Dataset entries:

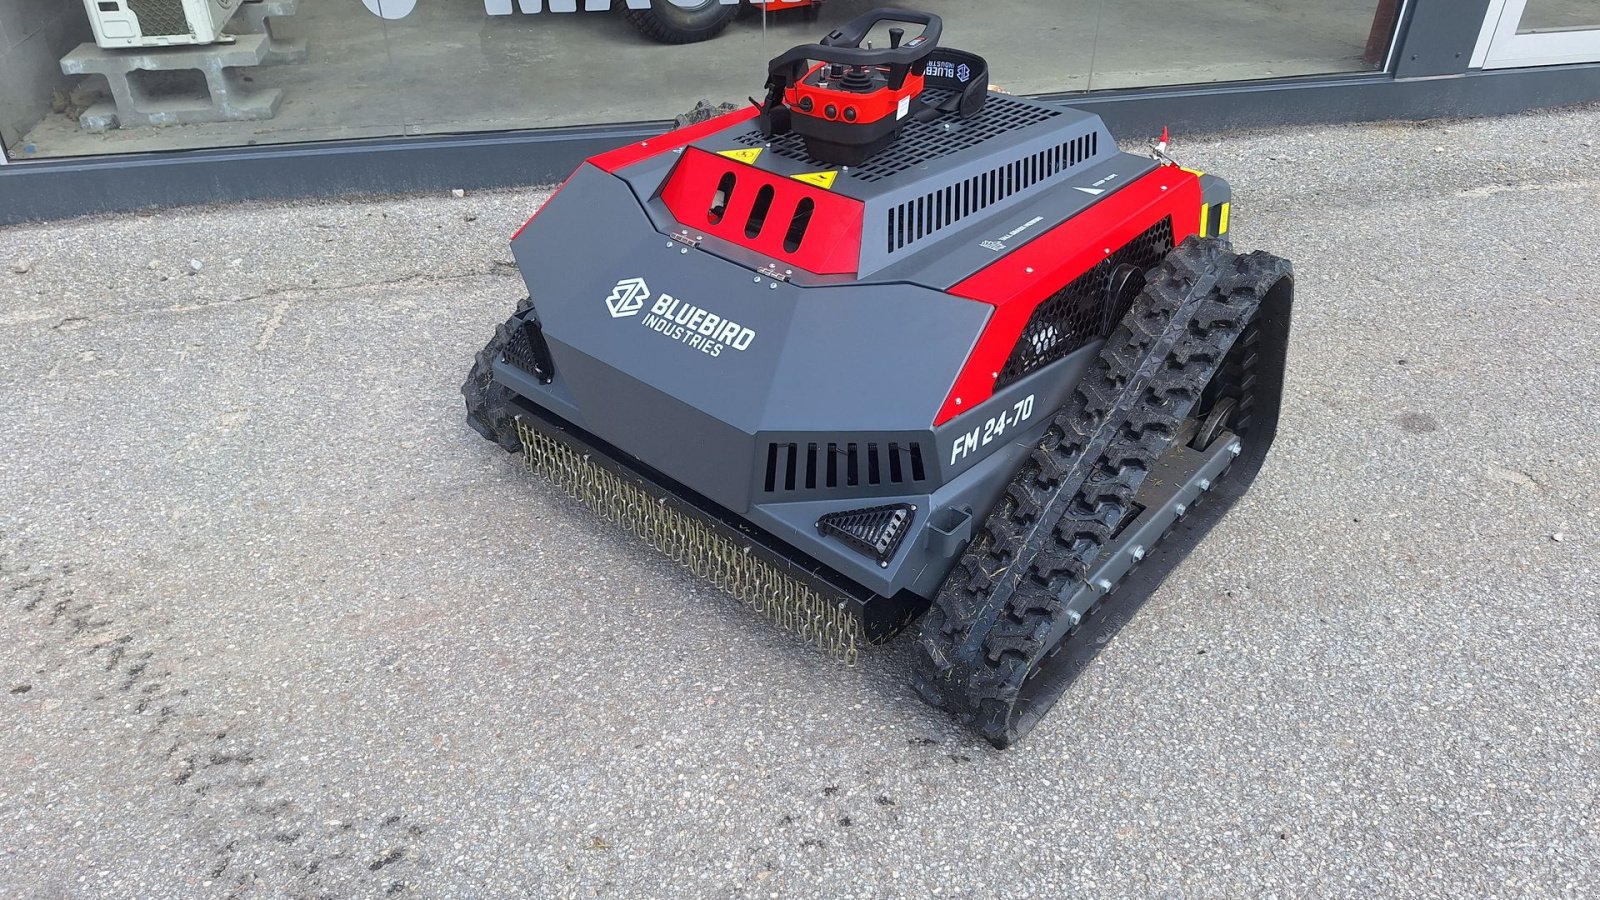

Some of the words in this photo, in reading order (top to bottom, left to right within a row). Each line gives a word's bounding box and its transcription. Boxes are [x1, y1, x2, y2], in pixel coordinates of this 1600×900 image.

[641, 313, 724, 357] INDUSTRIES
[651, 293, 756, 351] BLUEBIRD
[950, 426, 981, 466] FM
[981, 394, 1035, 447] 24-70

## [Problem details]
Pictures aside, repeat each entry in full and without change.

## [Exercise solution]
Some of the words in this photo, in reading order (top to bottom, left to right within a row). Each line gives a word's bounding box and its transcription. Boxes are [x1, y1, x2, y2], in pixel coordinates of this 1600×900 image.

[641, 313, 724, 357] INDUSTRIES
[651, 293, 756, 351] BLUEBIRD
[950, 426, 981, 466] FM
[981, 394, 1035, 447] 24-70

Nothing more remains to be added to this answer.